When she was two, she cried, kicked, and screamed. At 13, she’s yelling, slamming doors, storming out of the house, and screaming, “You can’t control me!”

You can reduce and eliminate teenage tantrums by taking these six steps. But before you start, understand that you need to take these steps when things are calm and no one is being confrontational. Don’t try this in the middle of a full-blown tantrum when you are both on edge.

1. Teach Your Teen the Importance of Trust

When you look at a tantrum in progress, you see a teen who looks totally and hopelessly out of control. And your teen sees you, the parent, as so unreasonable that you’ll never give her any control over her own life.

In reality, you’d probably give her more control if you felt you could trust her to make good decisions.

When trust exists in your relationship with your teen, she has a positive influence on you. And you have confidence in her. And you’re more confident about giving her more freedom.

But your teenager doesn’t realize how much influence she could have on you if only she worked to build your trust.
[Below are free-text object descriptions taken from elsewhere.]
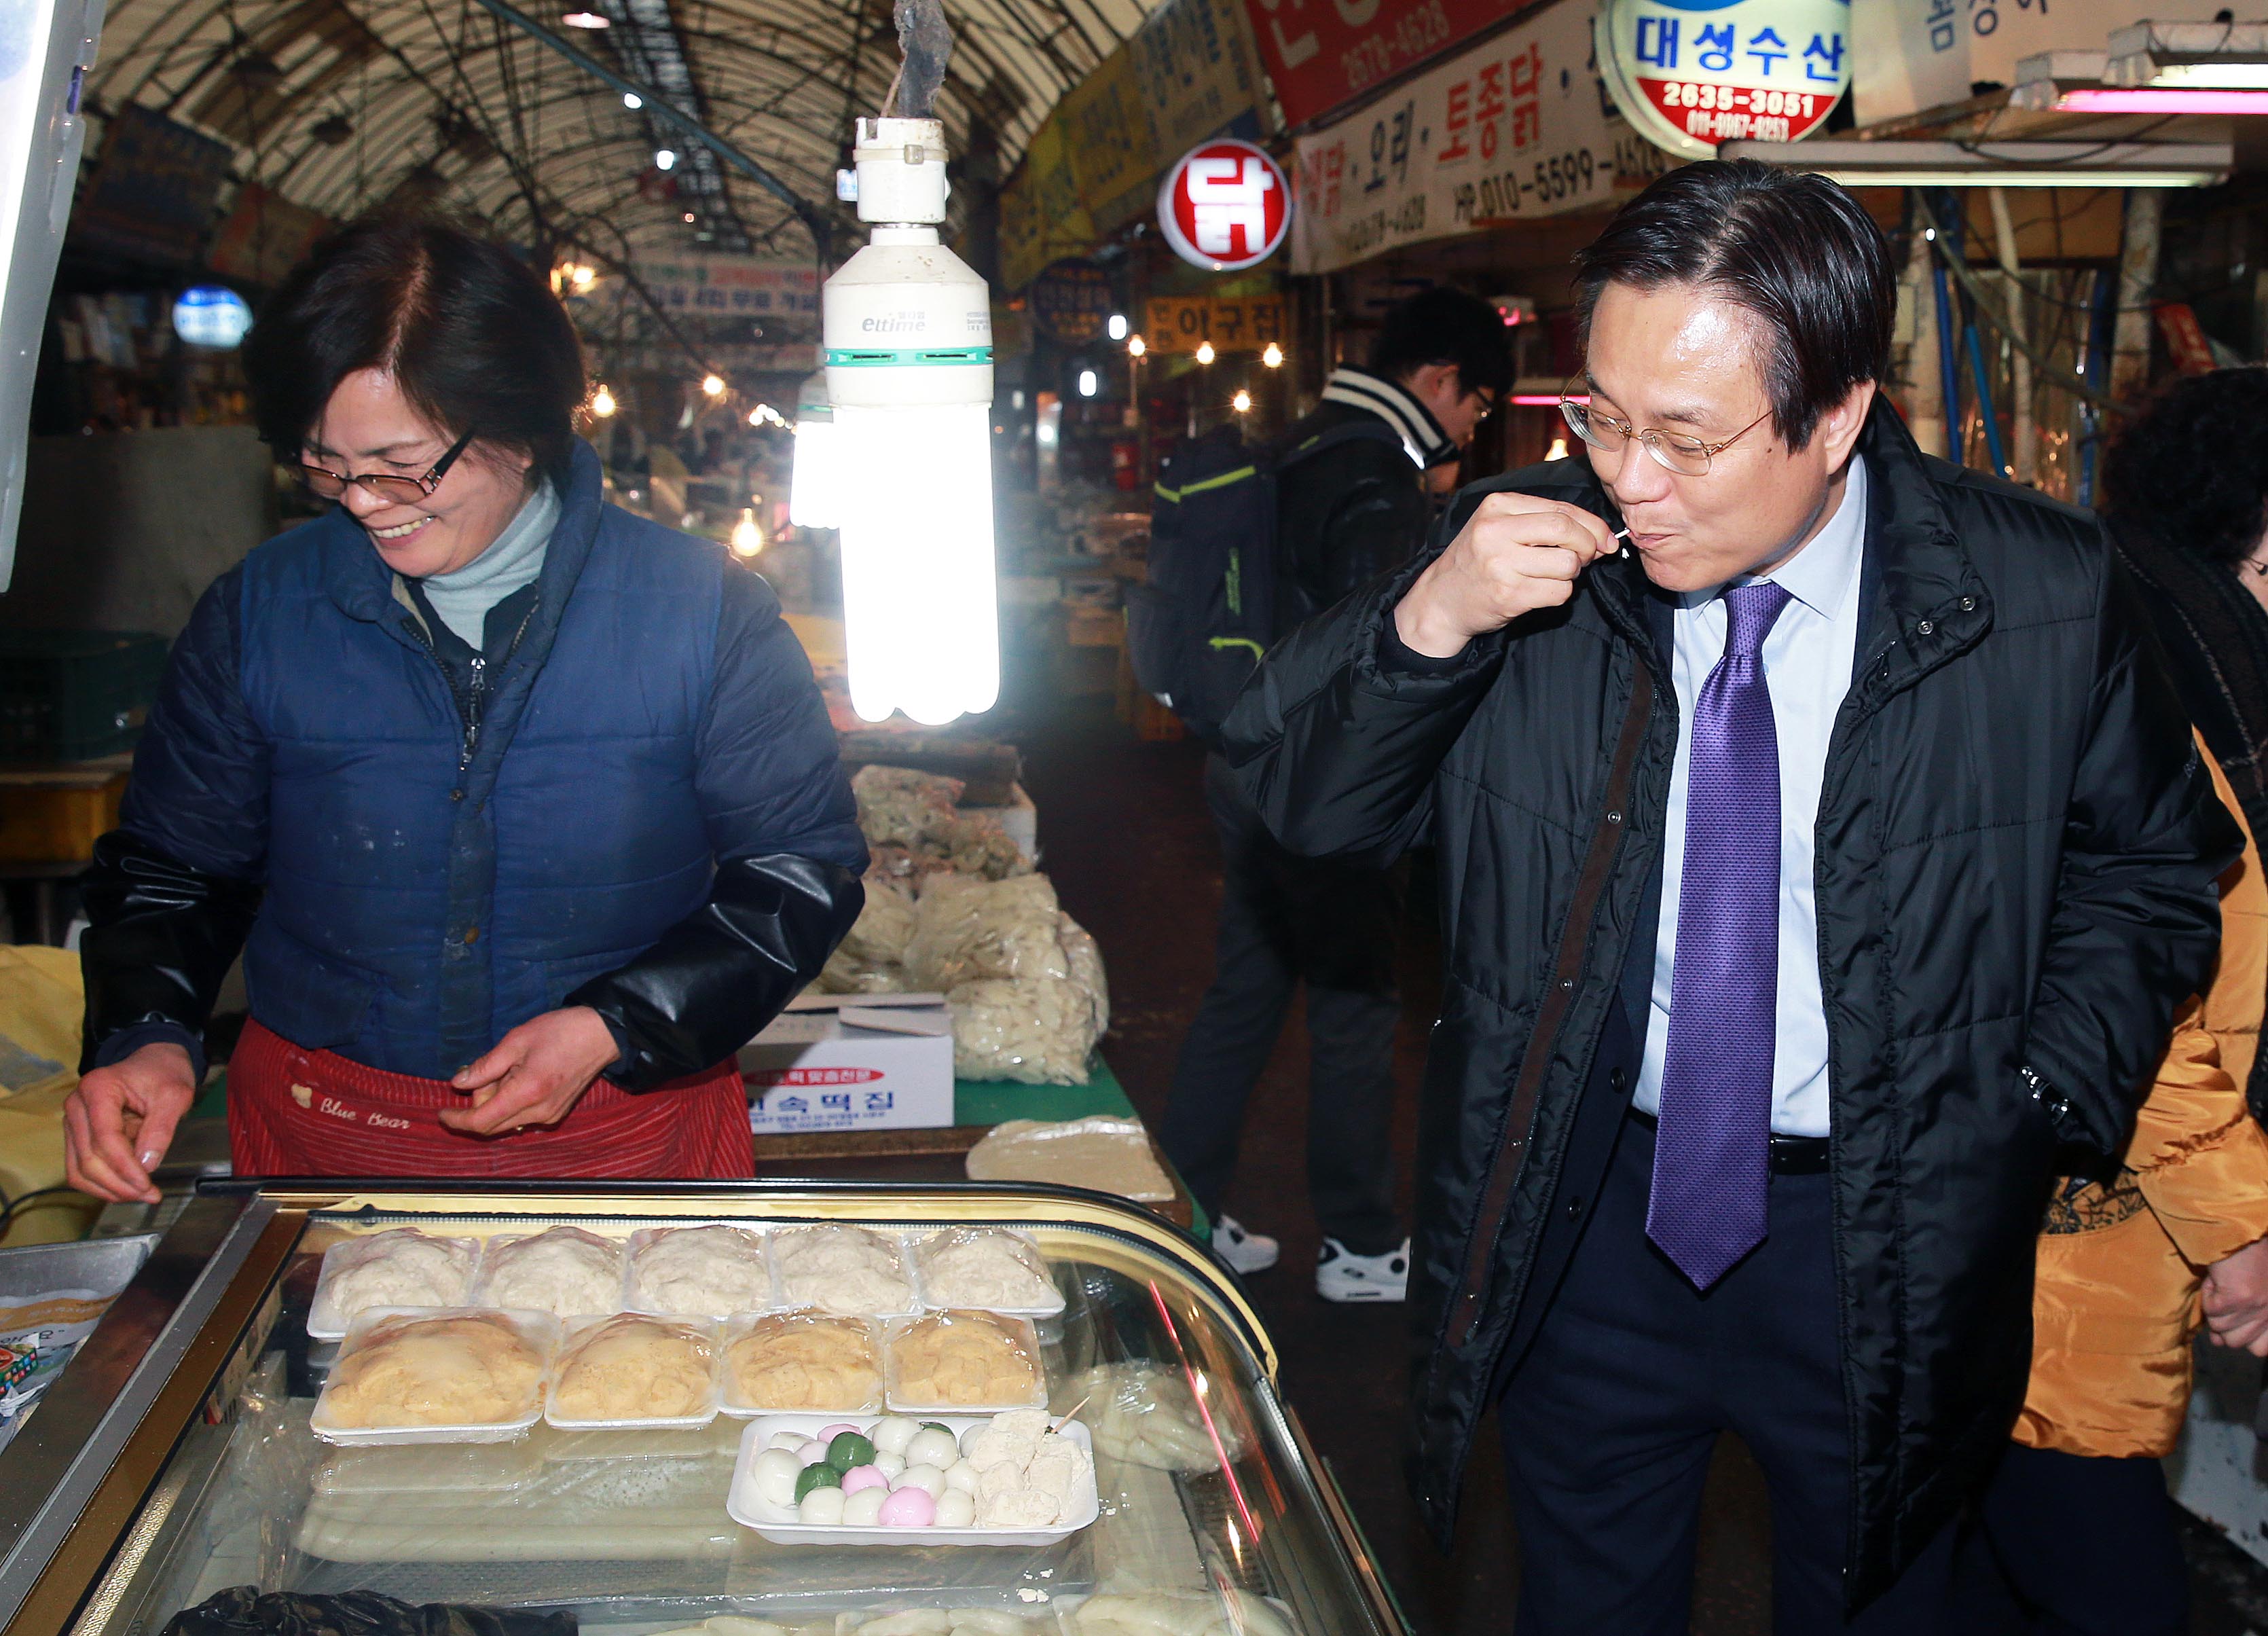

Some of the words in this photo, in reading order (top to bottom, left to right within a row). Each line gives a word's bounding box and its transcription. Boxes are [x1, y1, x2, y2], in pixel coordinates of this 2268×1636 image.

[1636, 17, 1844, 81] 대성수산
[1438, 41, 1543, 162] 토종닭
[1662, 81, 1814, 118] 2635-3051
[1186, 158, 1274, 254] 닭
[320, 1097, 356, 1121] Blue
And a tantrum doesn’t build trust.

Related content: Explosive Anger in Kids and Teens

For example, let’s say you tell your 14-year-old daughter that she can’t go to a party on Friday night because you know there won’t be any adults present. And you suspect kids will be drinking.

If your daughter reacts by screaming and locking herself in her room, it does more than make you angry. Her poor reaction erodes your trust in her. And it hurts her ability to influence you positively.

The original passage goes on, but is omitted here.